Minneapolis resident Käri Tweiten has brought her childhood love of music into adulthood by playing bass in local rock bands and composing solo piano pieces. When entering the contest, she tried her hand at composing ensemble music for the first time. The result, entitled When Water Dreams, is a fluid and spirited piece that combines the perpetual and erratic energy of flowing water.

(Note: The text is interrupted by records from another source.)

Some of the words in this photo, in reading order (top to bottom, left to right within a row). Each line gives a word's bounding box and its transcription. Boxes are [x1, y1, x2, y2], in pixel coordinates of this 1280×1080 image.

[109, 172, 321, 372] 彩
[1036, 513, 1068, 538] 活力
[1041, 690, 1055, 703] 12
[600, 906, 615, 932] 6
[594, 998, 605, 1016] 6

Like many kids, I took piano lessons throughout my childhood. Once I turned 13 though, I started playing electric bass and decided that was much cooler than piano. While I never took more than a couple bass lessons, I played for just about every band, choir, group, ensemble or concert that asked and learned much in the process. In my 20s and 30s I mostly played in local original rock bands. A couple years ago I acquired my childhood family piano when my parents moved. I began playing again and for the first time, began composing solo pieces for piano. I was hooked. With the Eric Stokes song contest I decided to try something new by writing for an ensemble. I originally submitted the piece for last year’s contest. It didn’t win, but I did get some wonderful, useful feedback. This year I reworked the piece, resubmitted it, and the result is what will be played at the concert.

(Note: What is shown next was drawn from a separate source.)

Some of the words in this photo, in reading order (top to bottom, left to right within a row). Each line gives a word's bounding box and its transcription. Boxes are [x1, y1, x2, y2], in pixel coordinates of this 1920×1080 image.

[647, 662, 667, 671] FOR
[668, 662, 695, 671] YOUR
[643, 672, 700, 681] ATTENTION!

The Eric Stokes Song Contest contest was designed to encourage and celebrate amateur composers throughout the Twin Cities. The winners receive a $100 prize and a one-year membership to the American Composers Forum, and their winning songs will be performed at Zeitgeist's annual Playing it Close to Home concerts. Charlie Lincoln (17) and two-time winner Riona Ryan (18) are the 2015 youth winners, and Käri Tweiten won the adult category. 

Playing it Close to Home

March 13-14, 7:30 p.m.  
Studio Z: 275 East Fourth Street, Suite 200, St. Paul

March 15, 2 p.m. 
Nazareth Chapel at University of Northwestern
3003 Snelling Ave. North, St. Paul

$10 Friday and Sunday 
$20 Saturday*
free Sunday for UNSP students
Tickets

With winning songs from our Eric Stokes Song Contest plus music by local composer Abbie Betinis, our annual Playing it Close to Home concert celebrates the wealth of musical creativity found right here in our own backyard. The program includes the world premiere of Betinis’s new work commissioned by Zeitgeist plus Nattsanger, her award-winning song cycle featuring guest soprano Alyssa Anderson.